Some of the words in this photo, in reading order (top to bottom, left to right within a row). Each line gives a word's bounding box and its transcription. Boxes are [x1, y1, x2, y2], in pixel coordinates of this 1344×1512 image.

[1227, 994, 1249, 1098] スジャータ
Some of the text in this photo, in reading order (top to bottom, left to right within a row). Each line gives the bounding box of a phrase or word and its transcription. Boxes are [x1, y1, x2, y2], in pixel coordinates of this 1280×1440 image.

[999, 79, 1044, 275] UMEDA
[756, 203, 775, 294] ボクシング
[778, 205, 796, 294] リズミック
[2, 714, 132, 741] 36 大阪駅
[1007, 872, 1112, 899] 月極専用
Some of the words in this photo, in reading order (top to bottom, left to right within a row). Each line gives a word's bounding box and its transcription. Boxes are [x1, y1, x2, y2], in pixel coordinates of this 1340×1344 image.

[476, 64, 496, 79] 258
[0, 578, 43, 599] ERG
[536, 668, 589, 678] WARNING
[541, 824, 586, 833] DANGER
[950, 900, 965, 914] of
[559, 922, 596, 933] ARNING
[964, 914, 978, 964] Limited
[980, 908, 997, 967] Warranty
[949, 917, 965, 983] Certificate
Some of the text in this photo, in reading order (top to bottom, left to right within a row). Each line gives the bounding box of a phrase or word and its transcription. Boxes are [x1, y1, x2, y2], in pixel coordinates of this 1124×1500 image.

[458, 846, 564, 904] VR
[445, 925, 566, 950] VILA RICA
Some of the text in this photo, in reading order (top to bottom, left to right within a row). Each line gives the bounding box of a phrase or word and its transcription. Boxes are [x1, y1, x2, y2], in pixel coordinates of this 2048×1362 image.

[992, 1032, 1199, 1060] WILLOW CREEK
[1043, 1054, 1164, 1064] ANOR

***

#### [ASSIGNED TASK]
In full and without edits, repeat the listing above.

#### [ANSWER TO THIS EXERCISE]
Some of the words in this photo, in reading order (top to bottom, left to right within a row). Each line gives a word's bounding box and its transcription. Boxes are [x1, y1, x2, y2], in pixel coordinates of this 1344×1512 image.

[1227, 994, 1249, 1098] スジャータ
Some of the text in this photo, in reading order (top to bottom, left to right within a row). Each line gives the bounding box of a phrase or word and its transcription. Boxes are [x1, y1, x2, y2], in pixel coordinates of this 1280×1440 image.

[999, 79, 1044, 275] UMEDA
[756, 203, 775, 294] ボクシング
[778, 205, 796, 294] リズミック
[2, 714, 132, 741] 36 大阪駅
[1007, 872, 1112, 899] 月極専用
Some of the words in this photo, in reading order (top to bottom, left to right within a row). Each line gives a word's bounding box and its transcription. Boxes are [x1, y1, x2, y2], in pixel coordinates of this 1340×1344 image.

[476, 64, 496, 79] 258
[0, 578, 43, 599] ERG
[536, 668, 589, 678] WARNING
[541, 824, 586, 833] DANGER
[950, 900, 965, 914] of
[559, 922, 596, 933] ARNING
[964, 914, 978, 964] Limited
[980, 908, 997, 967] Warranty
[949, 917, 965, 983] Certificate
Some of the text in this photo, in reading order (top to bottom, left to right within a row). Each line gives the bounding box of a phrase or word and its transcription. Boxes are [x1, y1, x2, y2], in pixel coordinates of this 1124×1500 image.

[458, 846, 564, 904] VR
[445, 925, 566, 950] VILA RICA
Some of the text in this photo, in reading order (top to bottom, left to right within a row). Each line gives the bounding box of a phrase or word and its transcription. Boxes are [x1, y1, x2, y2], in pixel coordinates of this 2048×1362 image.

[992, 1032, 1199, 1060] WILLOW CREEK
[1043, 1054, 1164, 1064] ANOR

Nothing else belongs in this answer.